Today, and until the day we devise another approach to treating this population of the mentally ill population we need to truly push hard and persist in our creativity, clinical prowess and research to build a new paradigm to supplant this existing AOT structure to treating the V-SPMI folks mandated to mental health treatment. I do not agree however with the manner in which this treatment paradigm is sold, packaged for consumption by organizations like SARDAA and The Treatment Advocacy Center. These organizations sell these treatment modalities and legislative imperative as client centered and in the best interest of the patient with a diagnosis. That couldn’t be more misrepresentative of what is happening and what is put into motion in the lives of those mandated to AOT laws.
These people instead lose a part of their independence, their autonomy and relative status as citizens equal in the name of the law. The law confines, restricts, and places limitations on the movement and personal freedoms of people under the AOT regulations. Travel, medication administration, choice in treatment staff and frequency of contact with mental health staff and treatment teams. All of these domains of mental health treatment are prescribed, mapped out, and monitored closely by the county government whom can at anytime, when it’s rules are violated, pick you up in your home and take you to the hospital for forced treatment.

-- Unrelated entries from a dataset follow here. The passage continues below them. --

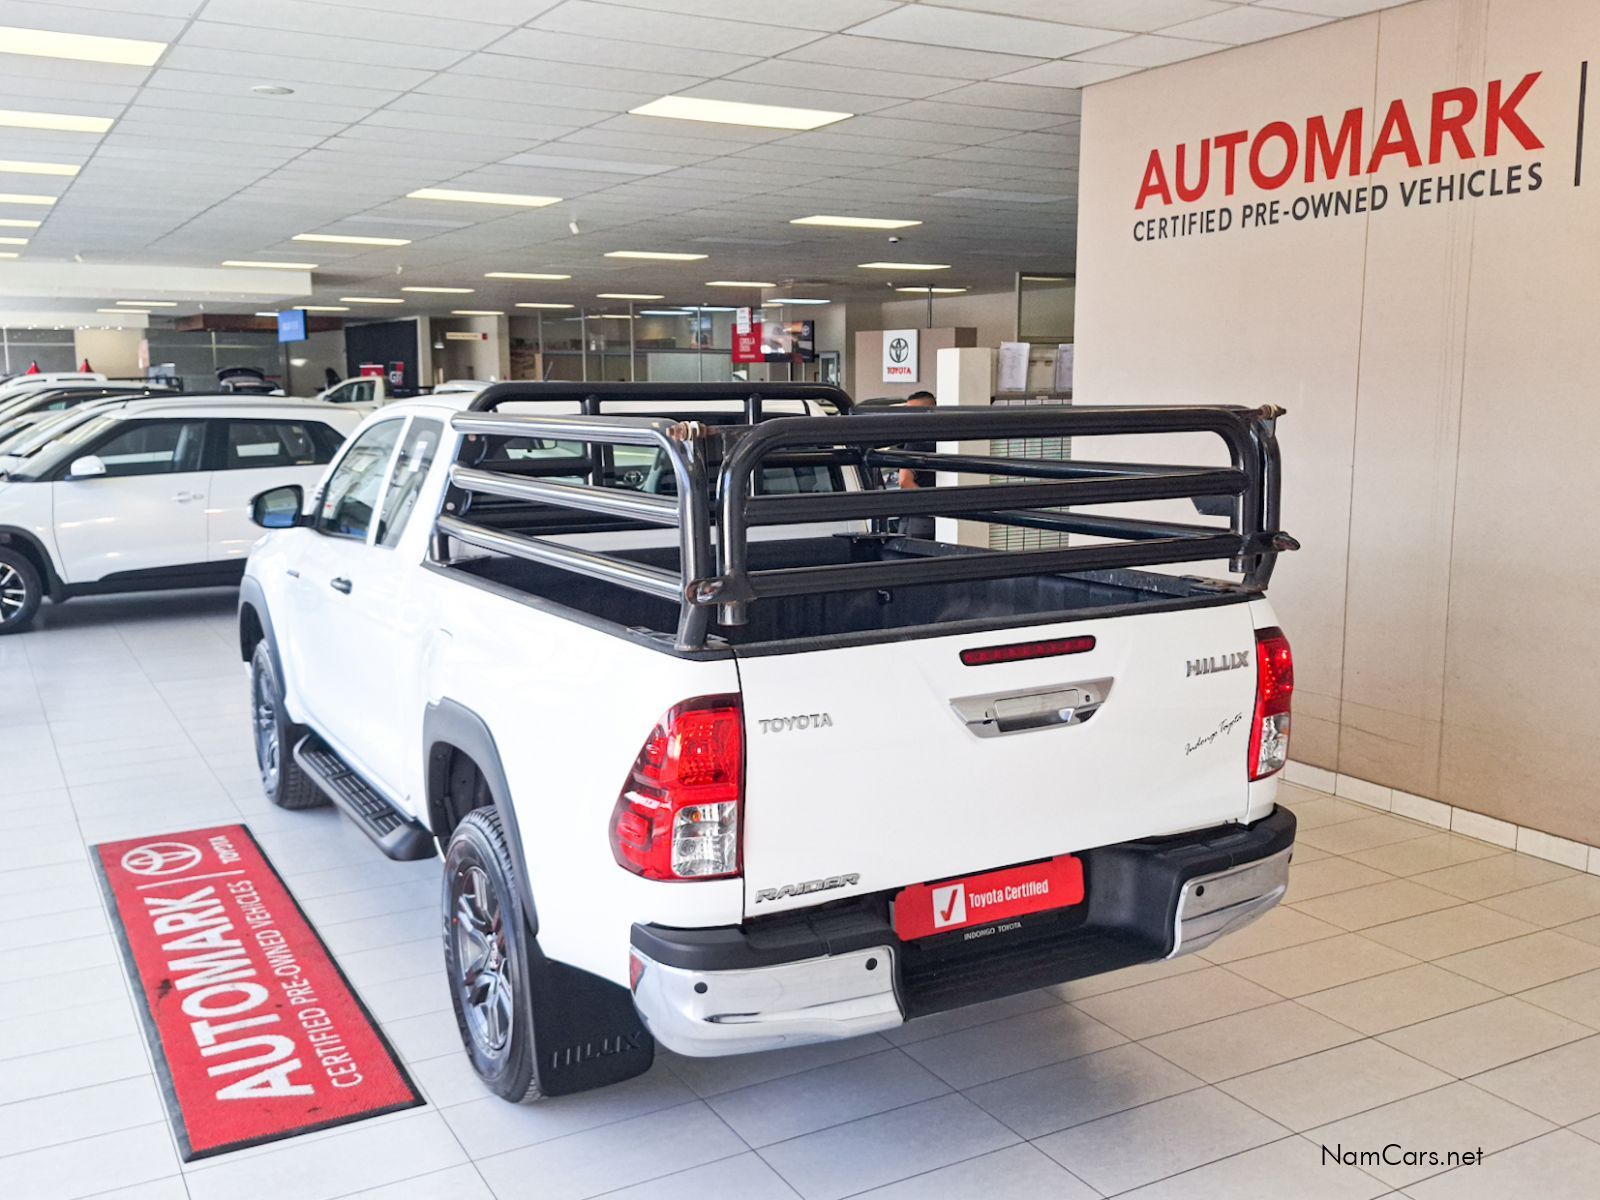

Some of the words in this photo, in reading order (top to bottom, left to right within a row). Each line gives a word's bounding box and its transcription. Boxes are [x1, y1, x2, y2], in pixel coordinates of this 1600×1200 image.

[1134, 71, 1545, 210] AUTOMARK
[1133, 207, 1232, 242] CERTIFIED
[1241, 184, 1389, 229] PRE-OWNED
[1399, 162, 1543, 207] VEHICLES
[887, 366, 912, 375] TOYOTA
[1186, 650, 1249, 677] HILUX
[758, 712, 833, 735] TOYOTA
[208, 835, 242, 865] TOYOTA
[227, 880, 275, 928] VEHICLES
[755, 872, 860, 904] RAIDER
[968, 888, 1004, 910] Toyota
[1005, 879, 1049, 902] Certified
[964, 926, 996, 941] INDONGO
[998, 921, 1022, 933] TOYOTA
[255, 929, 318, 1006] PRE-OWNED
[143, 885, 316, 1102] AUTOMARK
[298, 1005, 363, 1089] CERTIFIED
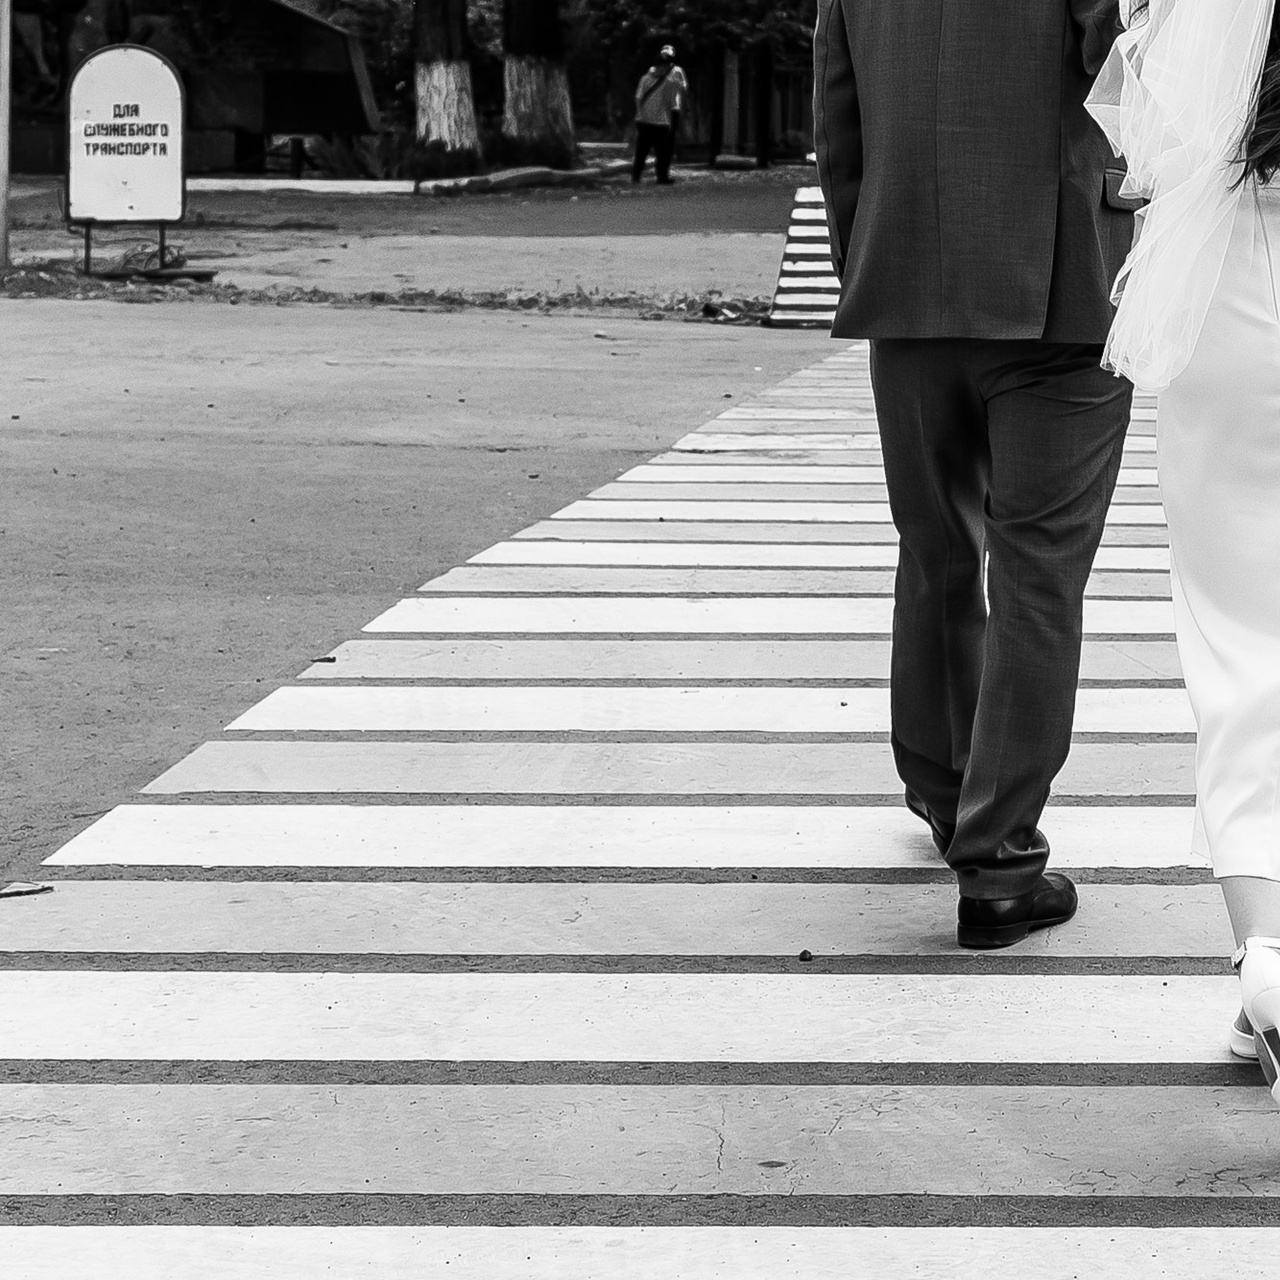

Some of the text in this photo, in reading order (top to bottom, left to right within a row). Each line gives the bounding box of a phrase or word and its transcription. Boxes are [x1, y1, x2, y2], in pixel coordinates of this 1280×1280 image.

The real and more immediate problem exists in client centered care for V-SPMI people. Practitioners working with mandated clients believe in many documented cases that they can engage in client contact aggressively, without any client input, and without regard for the personal beliefs and values of their patients. It is an unspoken trend with all too many workers charged with the provision of care of people with an AOT status. These psychiatrists, nurses, therapists and mental health clinicians will go about treatment without any regard for client centered care and harbor an attitude that this is punitive measure. The fact of the matter is even TAC and SARDAA make it clear this is not punishment. This is a measure to avoid further ineffective and inappropriate legal measures and sometimes criminal charges or jail time. Mental health treatment is never and will never be the right fit for V-SPMI folks if the system understands it as a punishment for people with a diagnosis.
Kendra died for us. Her departure from this Earth and the loss felt by those she loved will never be forgotten by everyone with a mental health diagnosis whom has flirted with the need for AOT treatment. We all feel the threat and loss in freedom or potential for loss in our right to choose our own care and treatment for our diagnosis. The loss of Kendra, was subsumed by people carrying a mental health diagnosis, and we will never lose that scarlet letter that labels us and marks is as eligible under the law to lose our right if our conditions worsen. Our fate after Kendra’s death to make decisions for ourselves and care will ultimately, until a new paradigm arrives, be under the provision and care of the law. Instead, our personal beliefs on how we want to manage our own mental health affairs will continue to be unjustified and privilege the provider.